Monoclonal antibody (mAb) blockade of chimeric GII.4-2012 virus-like particles (VLPs). Mouse and human epitope A–targeting monoclonal antibodies against GII.4 noroviruses (2006-G2, G3, G4, G6, G7, NO37, NO52, and NVB 43.9) were assayed for ability to block GII.4-2012.T294P, GII.4-2012.E368A, and GII.4-2012.09A interaction with carbohydrate ligand, and graphs representative of 2 distinct patterns are shown. The mean percentage of control binding (percent of the VLP bound to carbohydrate ligand in the presence of an antibody compared to the amount of VLP bound with no antibody present) of each VLP was fit with a sigmoidal curve, and the mean EC₅₀ (µg/mL) blockade titers (the antibody concentration at which 50% of VLP-PGM binding is blocked) for GII.4-2009, GII.4-2012 VLP, GII.4-2012.T294P, GII.4-2012.E368A, and GII.4-2012.09A were calculated. Error bars represent 95% confidence intervals. *Mean EC₅₀ blockade titer for the tested VLP is significantly different from the mean EC₅₀ for GII.4-2009 (P < .05). Monoclonal antibodies that did not block a particular VLP at the highest mAb concentration tested were assigned an EC₅₀ of 2 times the upper limit tested in µg/mL for statistical analysis and are shown on the graph by data points above the upper limit of detection (dashed line).
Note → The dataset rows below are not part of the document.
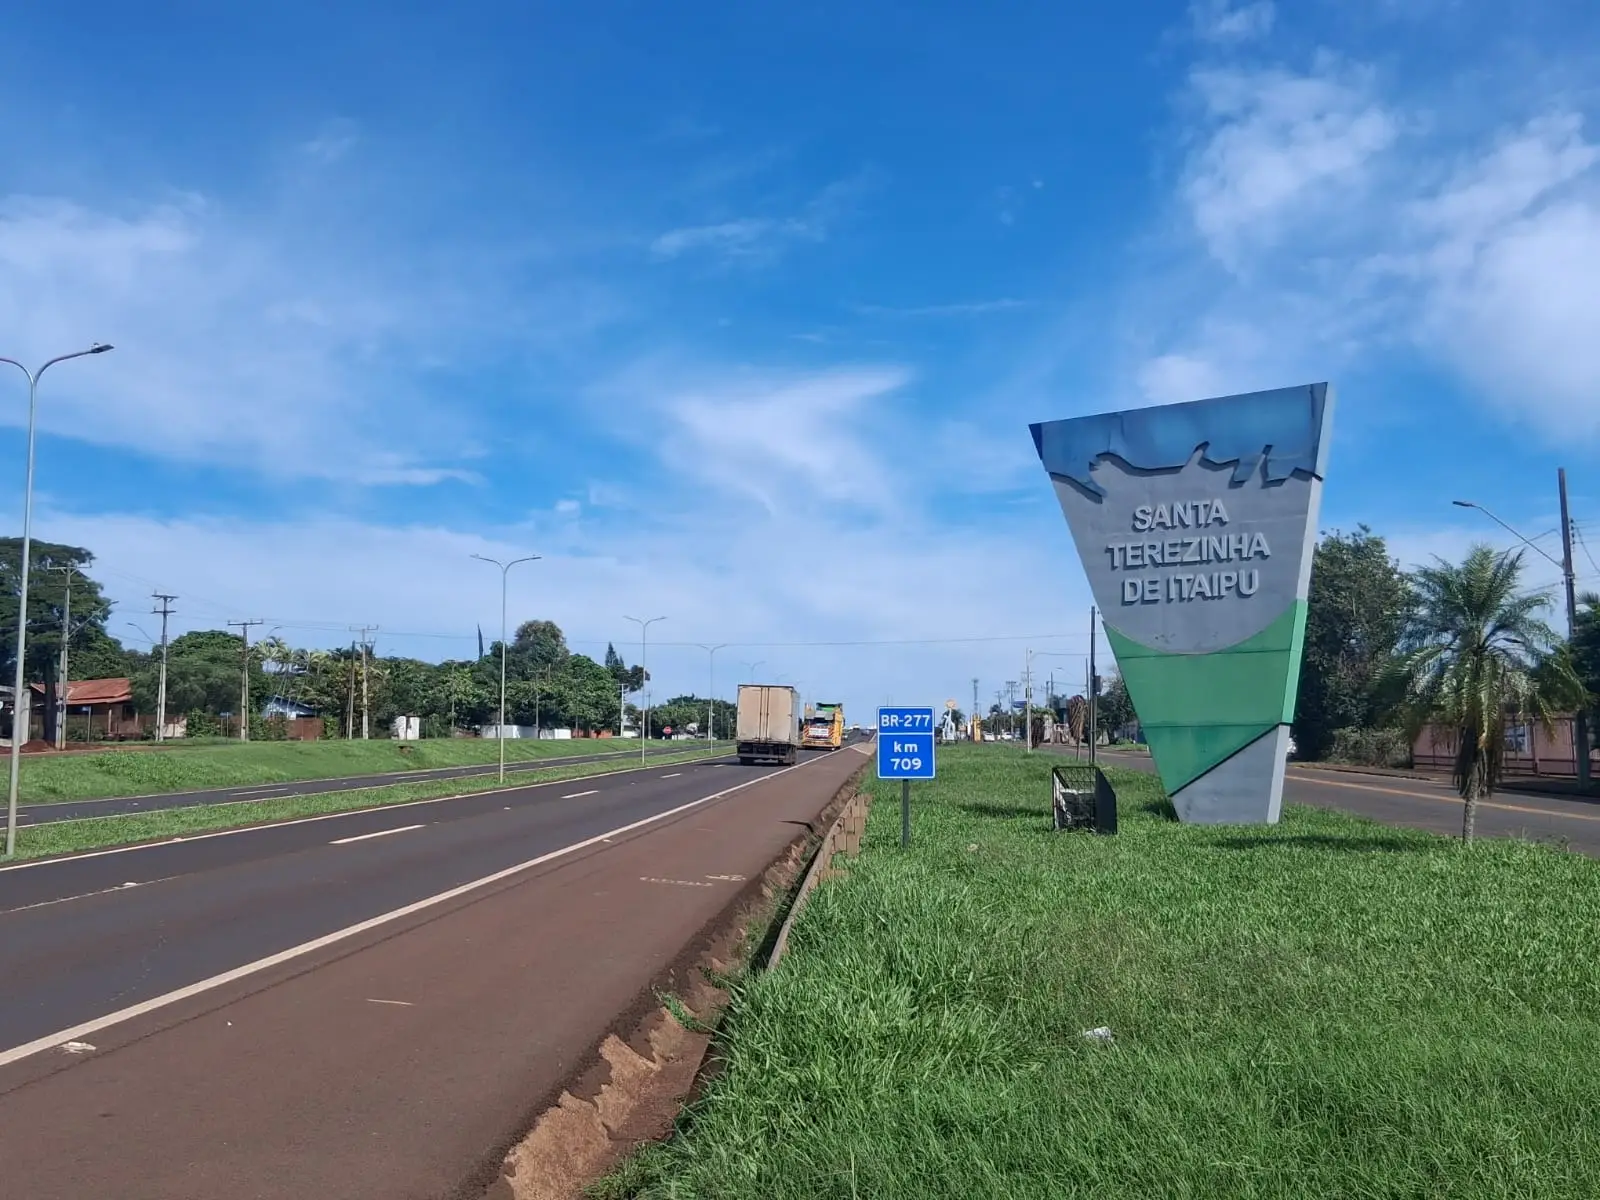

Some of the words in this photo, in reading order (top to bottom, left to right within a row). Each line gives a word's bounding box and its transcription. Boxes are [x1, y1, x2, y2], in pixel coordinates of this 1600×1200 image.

[1133, 499, 1229, 531] SANTA
[1106, 532, 1271, 569] TEREZINHA
[1122, 577, 1161, 606] DE
[1166, 568, 1260, 603] ITAIPU
[881, 714, 931, 727] BR-277
[893, 740, 918, 753] km
[890, 757, 922, 771] 709
Statistics for both enzyme immunoassay and blockade assays were calculated by 1-way analysis of variance with Dunnett posttest.

Figure 7.

GII.4-2012 and GII.4-2012.09A blockade by GII.4-2009 outbreak human sera. Human convalescent polyclonal sera from 8 individuals infected in 2010 with GII.4-2009 New Orleans were assayed for ability to block GII.4-2009, GII.4-2012, and GII.4-2012.09A virus-like particle (VLP) interaction with carbohydrate ligand. The mean percentage of control binding (percentage of the VLP bound to carbohydrate ligand in the presence of sera compared to the amount of VLP bound with no sera present) of each VLP was fit with a sigmoidal curve, and the mean EC₅₀ (% sera) blockade titers (the serum concentration at which 50% of VLP-PGM binding is blocked) for GII.4-2009, GII.4-2012, and GII.4-2012.09A were calculated. Error bars represent 95% confidence intervals. *Mean EC₅₀ blockade titer is significantly different from the mean EC₅₀ for GII.4-2009 (P < .05). Statistics were calculated by 1-way analysis of variance with Dunnett posttest.